[Referring expression grounding data]

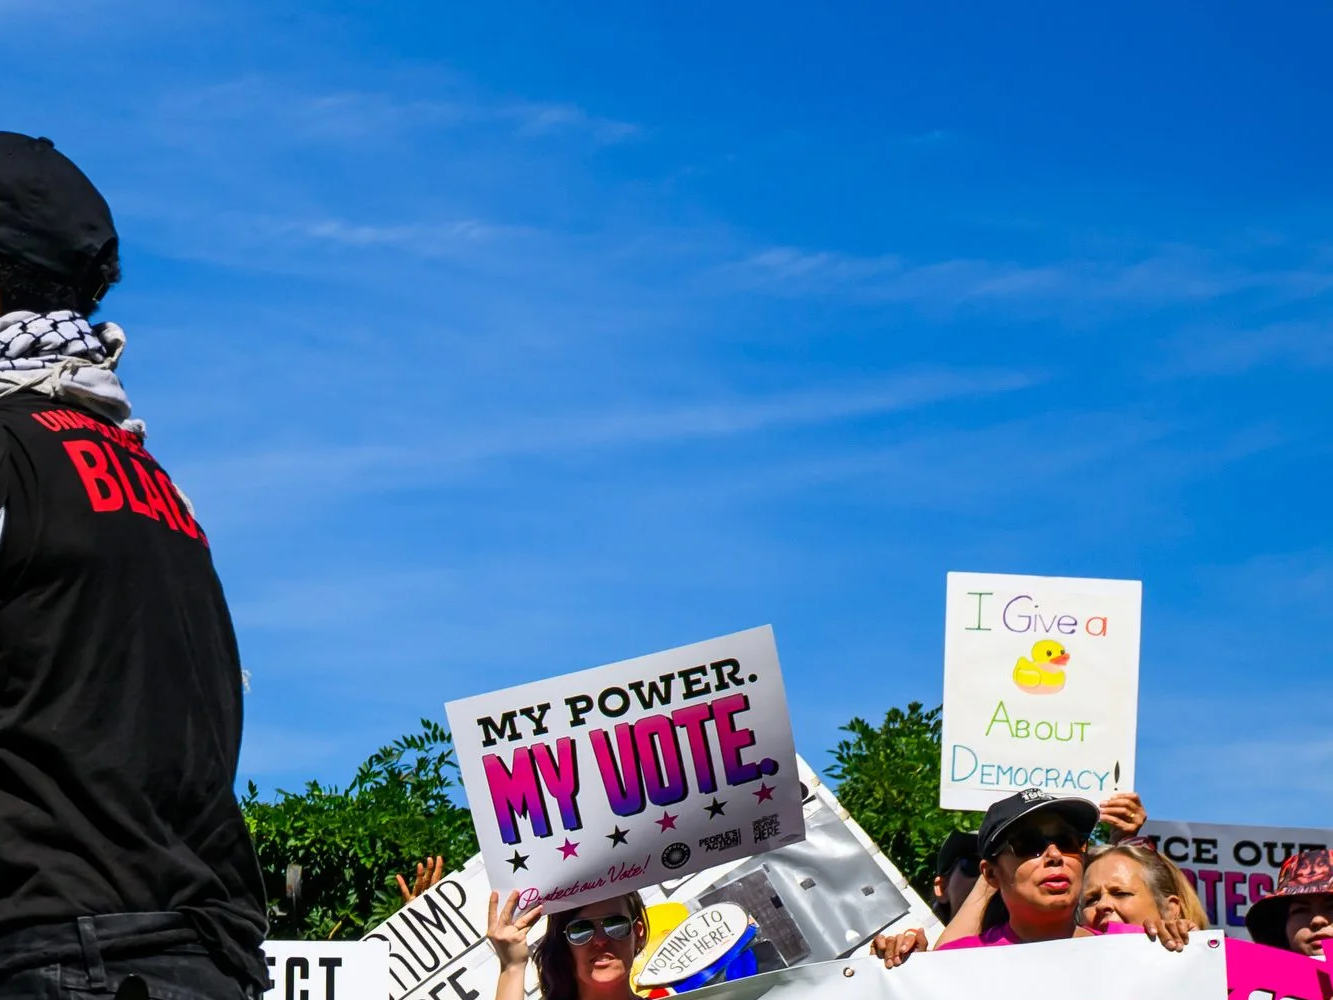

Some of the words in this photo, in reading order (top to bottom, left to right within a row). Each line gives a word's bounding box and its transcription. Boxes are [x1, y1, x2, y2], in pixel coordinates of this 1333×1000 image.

[62, 439, 209, 548] BLAC
[965, 592, 994, 631] I
[1002, 595, 1078, 635] Give
[1085, 616, 1108, 637] a
[477, 703, 551, 747] MY
[565, 658, 757, 727] POWER.
[985, 701, 1091, 742] ABOUT
[482, 736, 583, 844] MY
[589, 693, 779, 816] VOTE.
[699, 829, 737, 847] PEOPLE'S
[705, 838, 738, 852] ACTION
[754, 828, 780, 843] HERE
[518, 886, 583, 911] Protect
[579, 875, 605, 891] our
[608, 855, 651, 881] Vote!
[648, 923, 699, 976] NOTHING
[697, 910, 723, 928] TO
[670, 949, 698, 974] SEE
[693, 921, 735, 955] HERE!
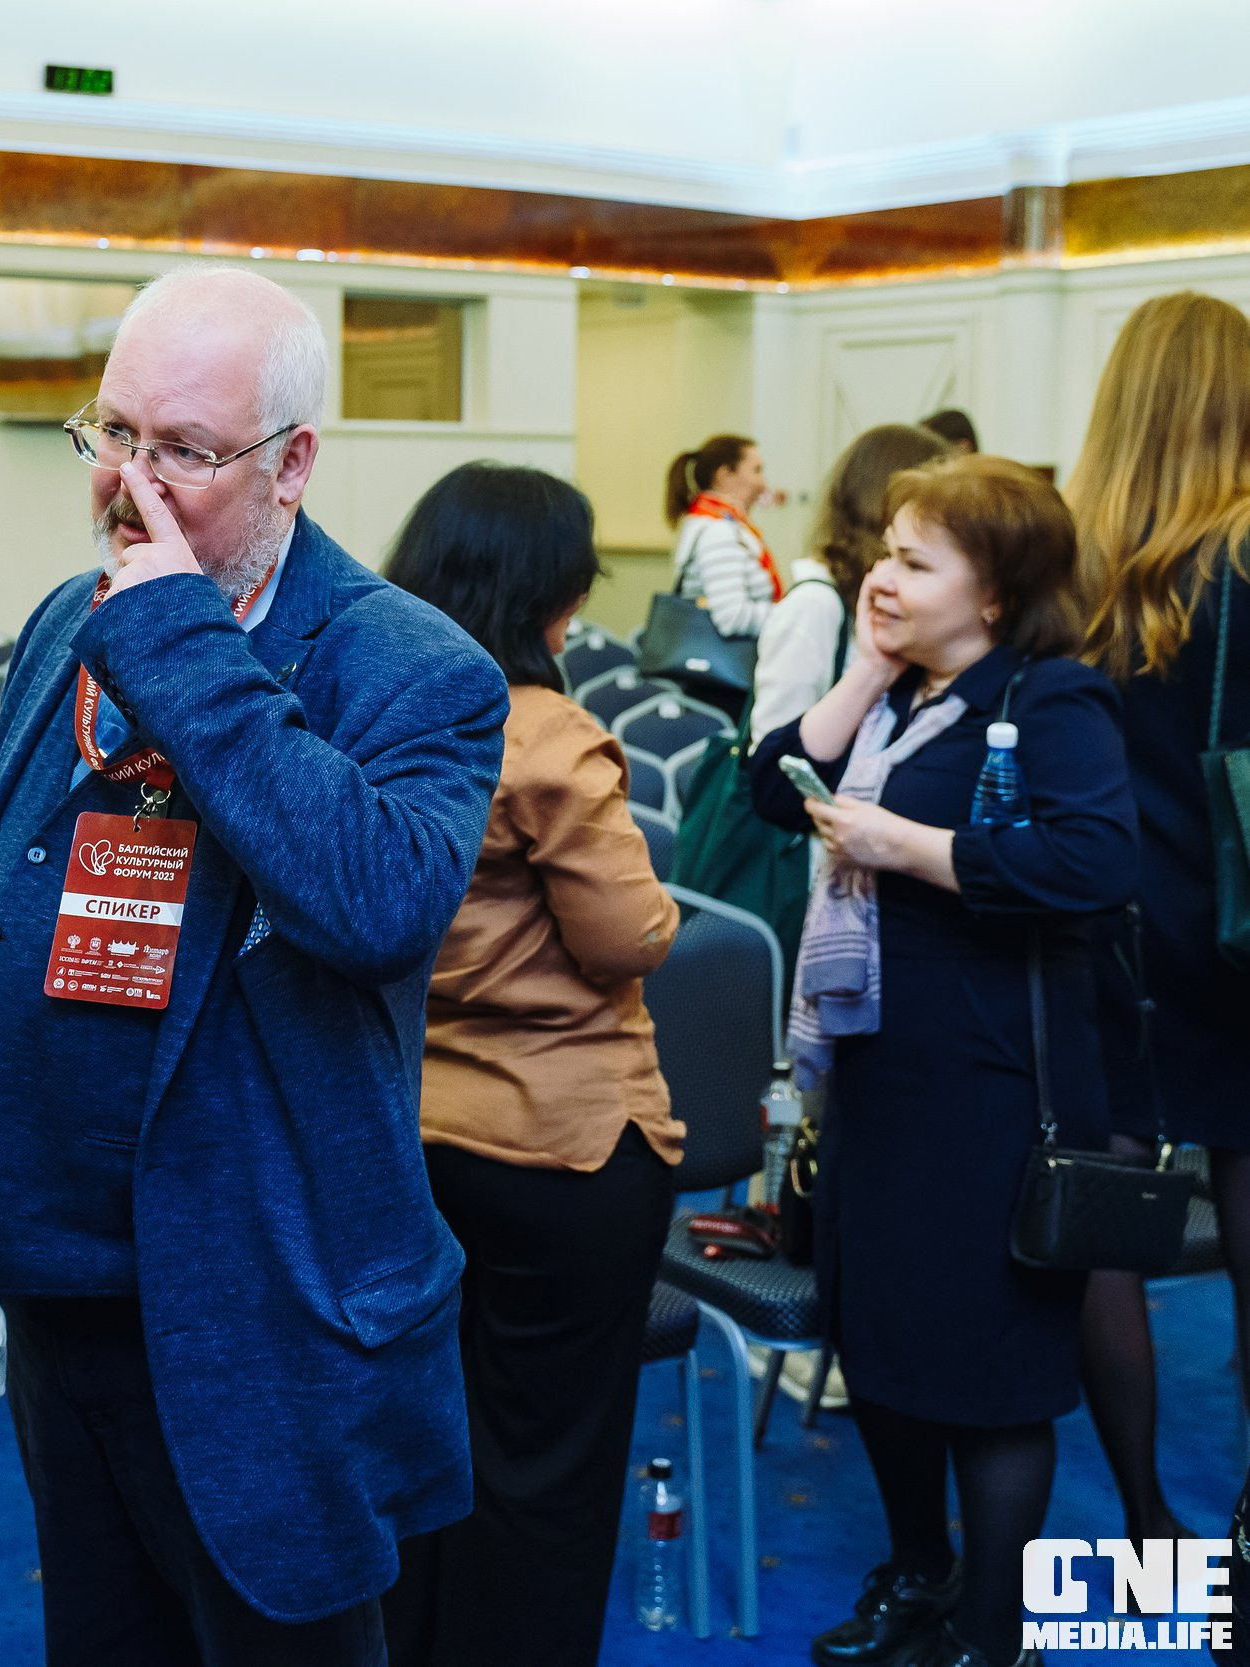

» **Brief**:
Copy each entry exactly, with no pictures.

» **Response to the task**:
Some of the words in this photo, in reading order (top to bottom, left to right within a row). Each line gives a word's bounding box and its transcription. Boxes are [x1, y1, x2, y2], in pixel coordinates of this 1333×1000 image.

[62, 439, 209, 548] BLAC
[965, 592, 994, 631] I
[1002, 595, 1078, 635] Give
[1085, 616, 1108, 637] a
[477, 703, 551, 747] MY
[565, 658, 757, 727] POWER.
[985, 701, 1091, 742] ABOUT
[482, 736, 583, 844] MY
[589, 693, 779, 816] VOTE.
[699, 829, 737, 847] PEOPLE'S
[705, 838, 738, 852] ACTION
[754, 828, 780, 843] HERE
[518, 886, 583, 911] Protect
[579, 875, 605, 891] our
[608, 855, 651, 881] Vote!
[648, 923, 699, 976] NOTHING
[697, 910, 723, 928] TO
[670, 949, 698, 974] SEE
[693, 921, 735, 955] HERE!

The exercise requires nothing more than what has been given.